Sean’s 1991 document identified a series of key principles which would at that time underpin the NIHE’s rural policy:
- Rural housing policy must contribute towards rural development objectives
- A new rural approach is necessary and not a revised urban approach
- Partnership in developing the rural housing policy is critical for success
- Tailoring to local circumstances is essential
- Working with rural communities
- Affordability lies at the core of potential housing solutions
- Resources must be directed to where they are most needed and to those who need them most
And so, Rural Housing Association was born as a means by which the new rural housing policy could be implemented with its tripartite strategy approach to the provision of housing in rural areas:
- The Rehabilitation of single isolated dwellings in the countryside
- The provision of greenfield newbuild at crossroads and other rural settlements
- The provision and rehab/improvement of housing in village centres.
Fast forward 25 years and the new NIHE rural policy principles show the same level of commitment as that in the 1991 document. And at Rural Housing Association our board and staff are matching that commitment, working closely with our colleagues in the Housing Executive and the Department for Communities, helping to fight the good fight:
Over the last 25 years:
- we have provided 450 rural homes in areas where rural people wanted to live.
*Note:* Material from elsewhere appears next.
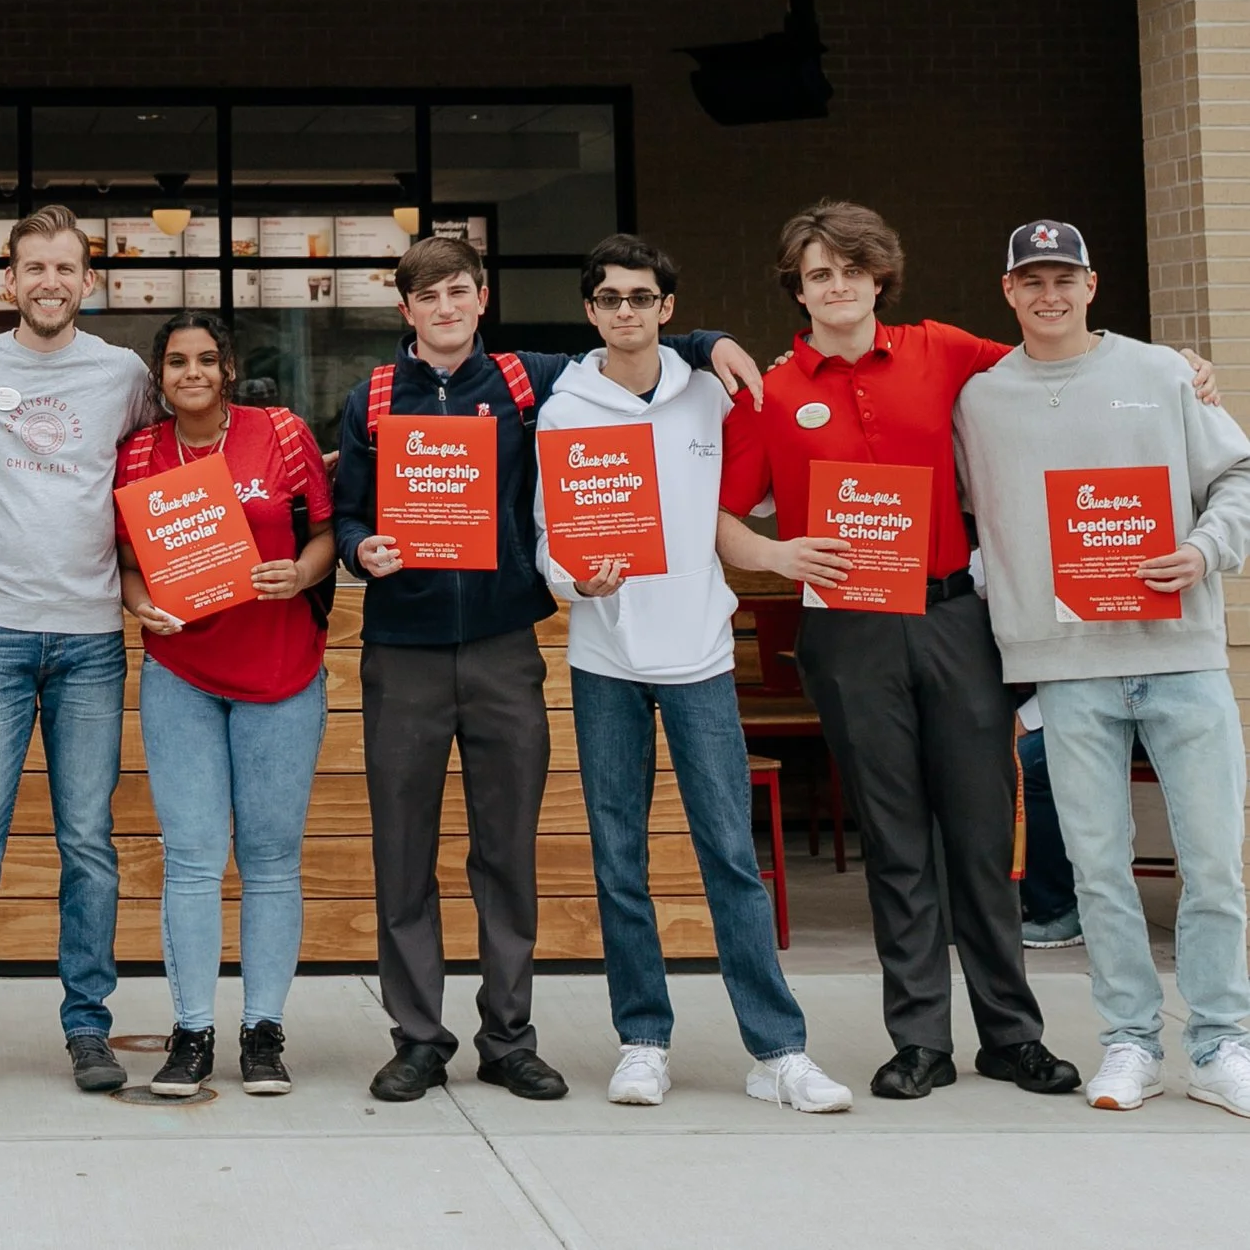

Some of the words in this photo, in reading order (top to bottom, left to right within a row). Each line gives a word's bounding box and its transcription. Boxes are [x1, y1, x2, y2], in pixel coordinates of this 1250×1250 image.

- we have helped provide rural schools with hundreds of new pupils.
- we have supported rural shops and post offices with extra business/income and rural builders with reasons not to drive their white van to Belfast or further afield for work.
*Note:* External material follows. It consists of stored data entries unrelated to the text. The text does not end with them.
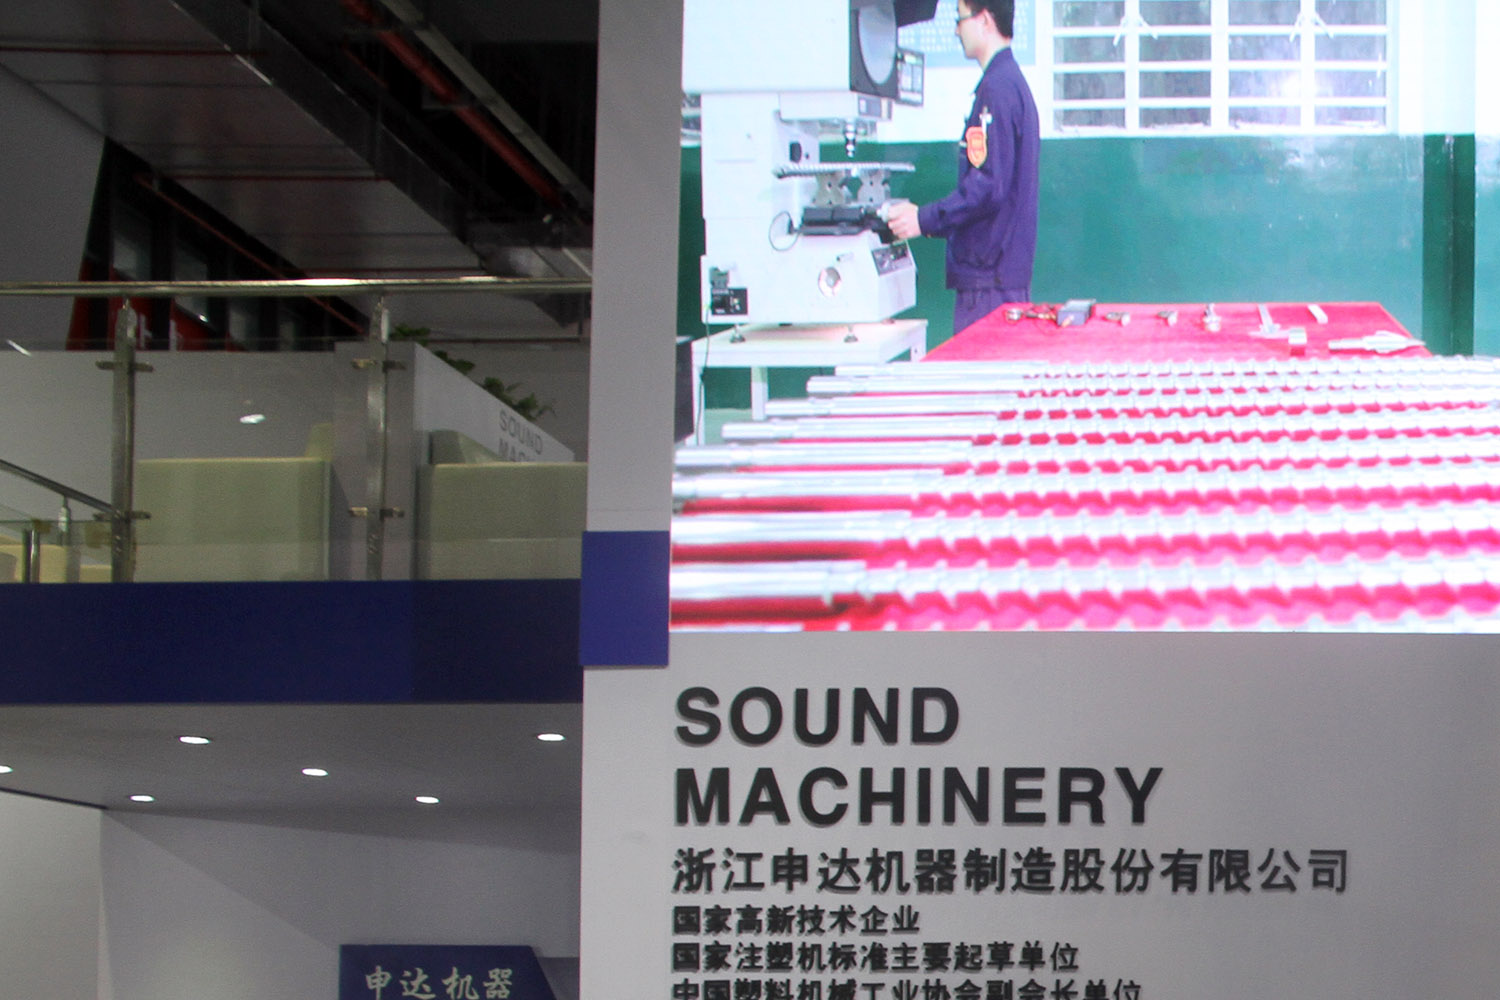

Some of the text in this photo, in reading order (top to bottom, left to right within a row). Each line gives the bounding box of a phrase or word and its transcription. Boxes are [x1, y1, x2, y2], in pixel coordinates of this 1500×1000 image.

[675, 686, 960, 747] SOUND
[675, 766, 1163, 826] MACHINERY
[672, 846, 1350, 894] 浙江申达机器制造股份有限公司
[672, 905, 920, 935] 国家高新技术企业
[672, 942, 1080, 973] 国家注塑机标准主要起草单位
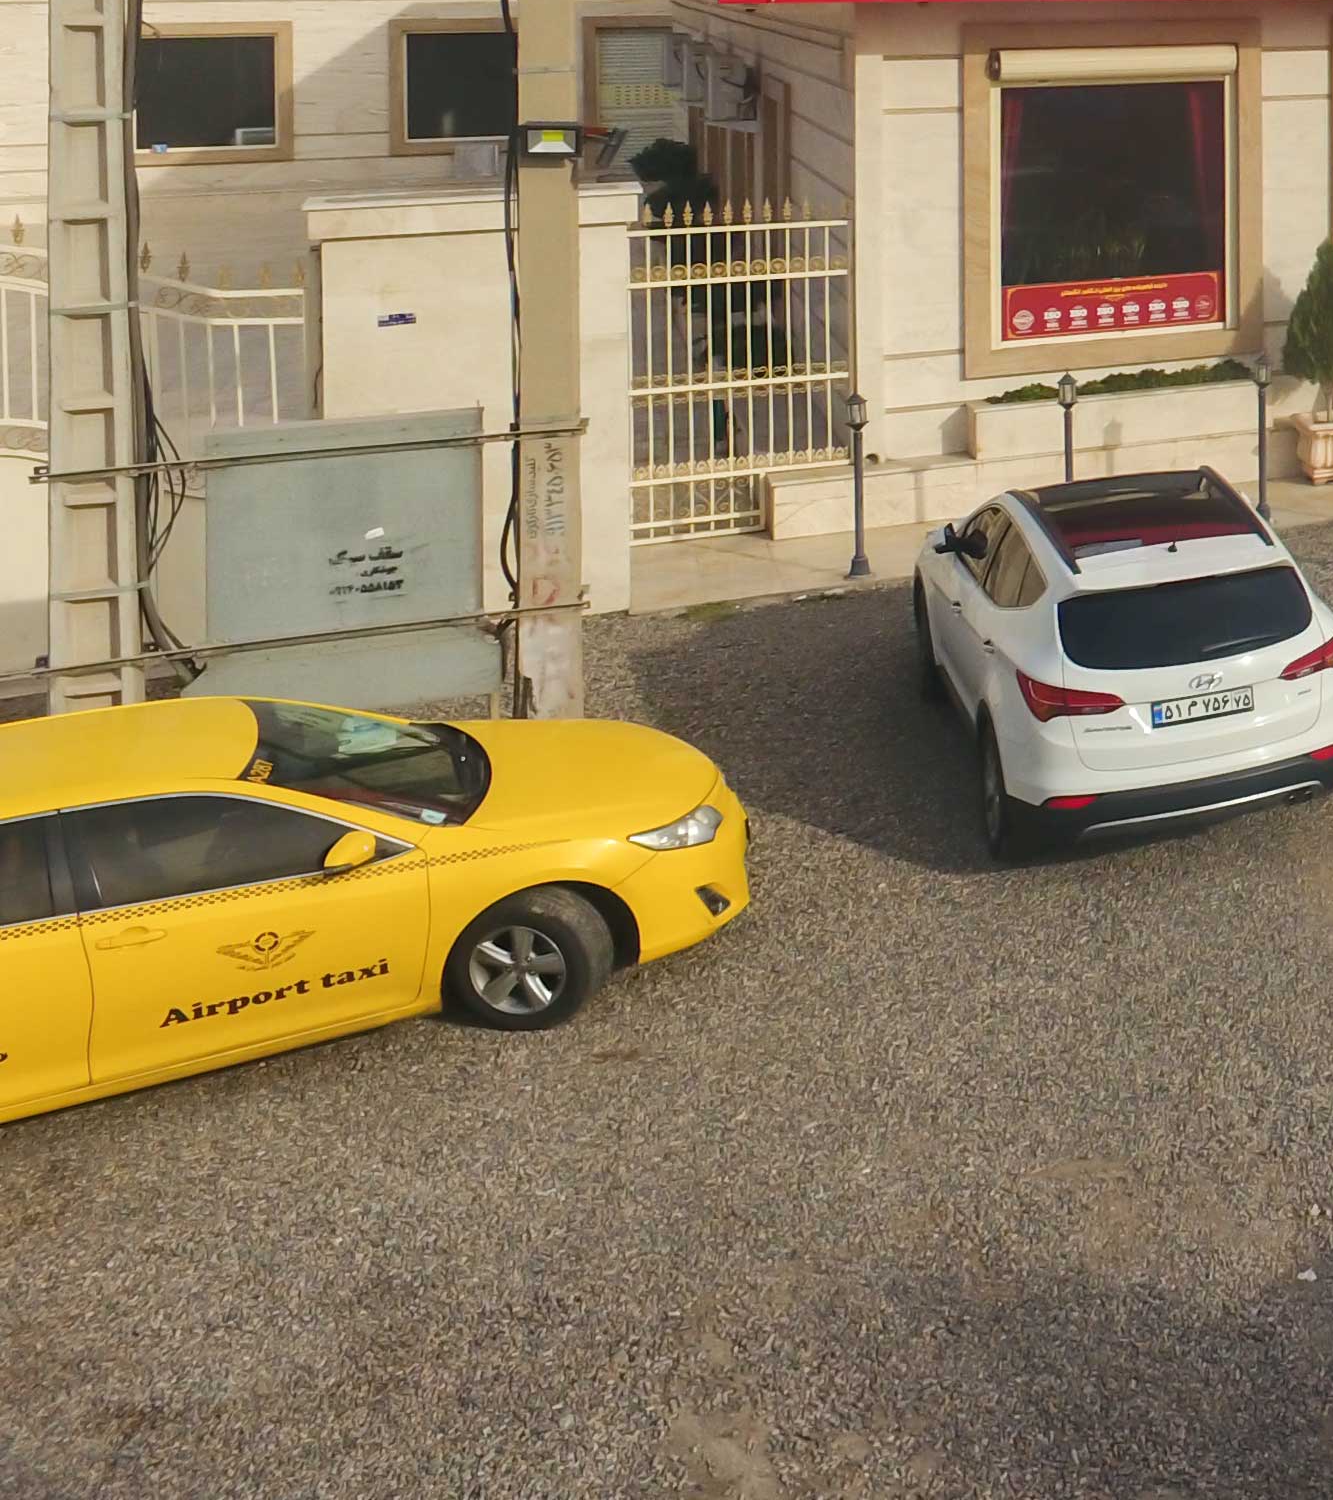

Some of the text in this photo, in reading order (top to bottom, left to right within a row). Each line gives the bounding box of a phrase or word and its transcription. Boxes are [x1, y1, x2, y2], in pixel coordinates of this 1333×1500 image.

[1164, 694, 1251, 720] ۵۱ م ۷۵۶ ۷۵
[246, 758, 274, 785] A287
[159, 958, 390, 1029] Airport taxi
Over the last 25 years we have helped build sustainable rural communities.
Now in 2017, Rural Housing Association aims to help fulfil that new rural strategy for the next 25 years. We have looked at Sean’s 1991 principles again indepth and developed new tactics for their delivery.
A few years ago, we developed the Rural Design Guide for Social Housing in Northern Ireland. Our notion now is that all new schemes will reflect, respect and sustain local social and economic cultures and heritages of the landscape/environments that helped shape them with Rural standing against the growing suburbanisation and despoiling of rural Northern Ireland through the development of inappropriate house styles, layouts, surrounds and gardens, and entrances.
These ideals are now woven into our development aspirations both in social and affordable housing. Our design teams now have to explain to us how they will be able to provide more than just the standard house types. We now expect flexibility in the design of our developments to reflect the variety of our locations and to see that modern design and technology, local characteristics and even the sites historical use can all be merged to provide houses that “look and feel the part”.
Together with our sister housing associations, our colleagues in the Rural Community Network, the NIHE and the Department for Communities, we look forward to helping build sustainable rural communities for the next 25 years.
Happy 25th Rural.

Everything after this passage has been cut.